If any record holds an image, omit the image and print the rest exactly.

-------- ENTRIES PROVIDED --------

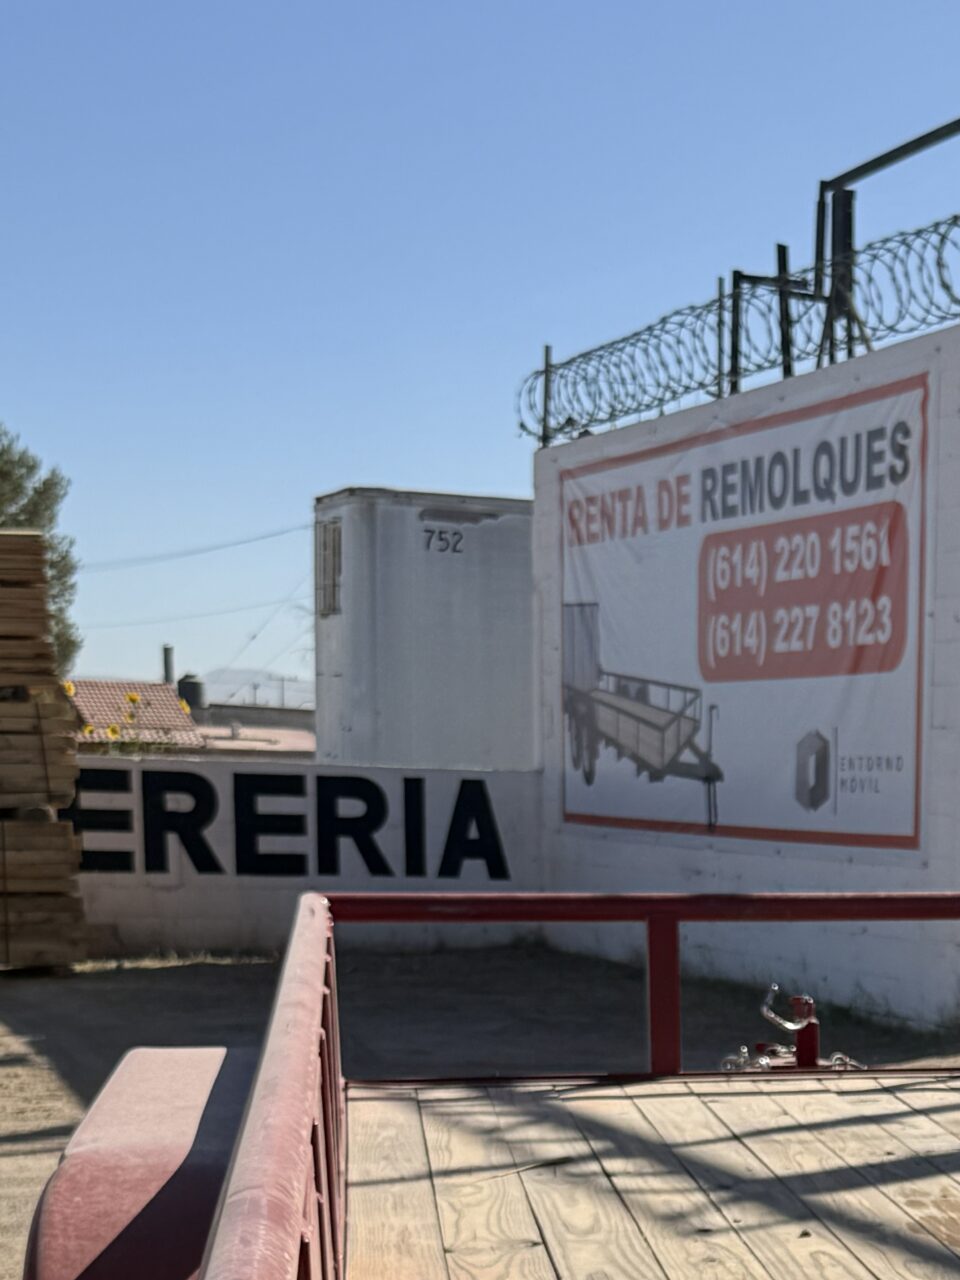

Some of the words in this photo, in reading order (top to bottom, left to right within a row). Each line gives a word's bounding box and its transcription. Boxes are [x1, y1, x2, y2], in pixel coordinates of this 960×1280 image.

[568, 484, 648, 546] RENTA
[657, 474, 692, 532] DE
[701, 421, 912, 523] REMOLQUES
[423, 529, 465, 554] 752
[707, 539, 768, 603] (614)
[774, 532, 821, 584] 220
[830, 517, 891, 575] 1561
[707, 609, 767, 670] (614)
[773, 604, 820, 654] 227
[826, 596, 893, 650] 8123
[839, 755, 904, 772] ENTORNO
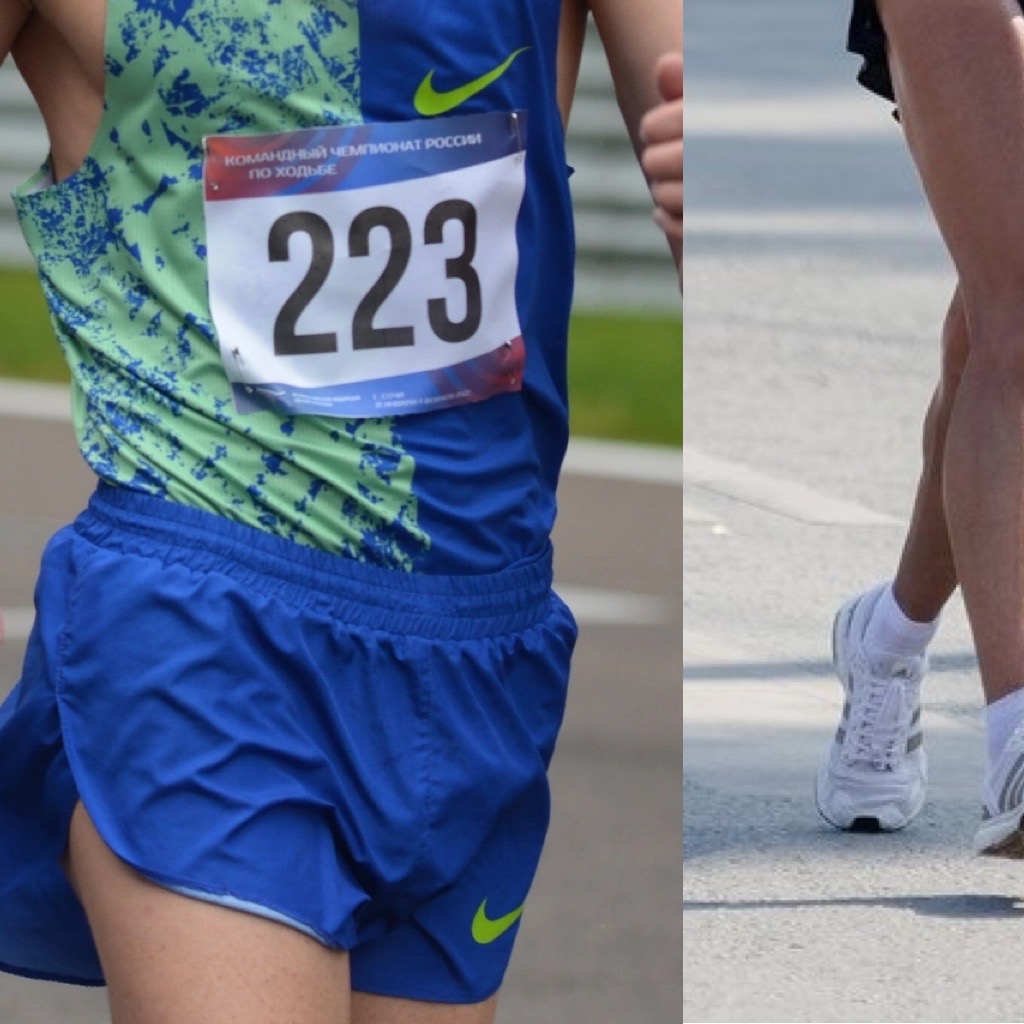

--------

§ TASK RESPONSE:
Some of the words in this photo, in reading order (top to bottom, left to right within a row). Each line gives a word's bounding box and its transcription. Boxes are [x1, y1, x2, y2], in pixel coordinates of this 960×1280 image.

[568, 484, 648, 546] RENTA
[657, 474, 692, 532] DE
[701, 421, 912, 523] REMOLQUES
[423, 529, 465, 554] 752
[707, 539, 768, 603] (614)
[774, 532, 821, 584] 220
[830, 517, 891, 575] 1561
[707, 609, 767, 670] (614)
[773, 604, 820, 654] 227
[826, 596, 893, 650] 8123
[839, 755, 904, 772] ENTORNO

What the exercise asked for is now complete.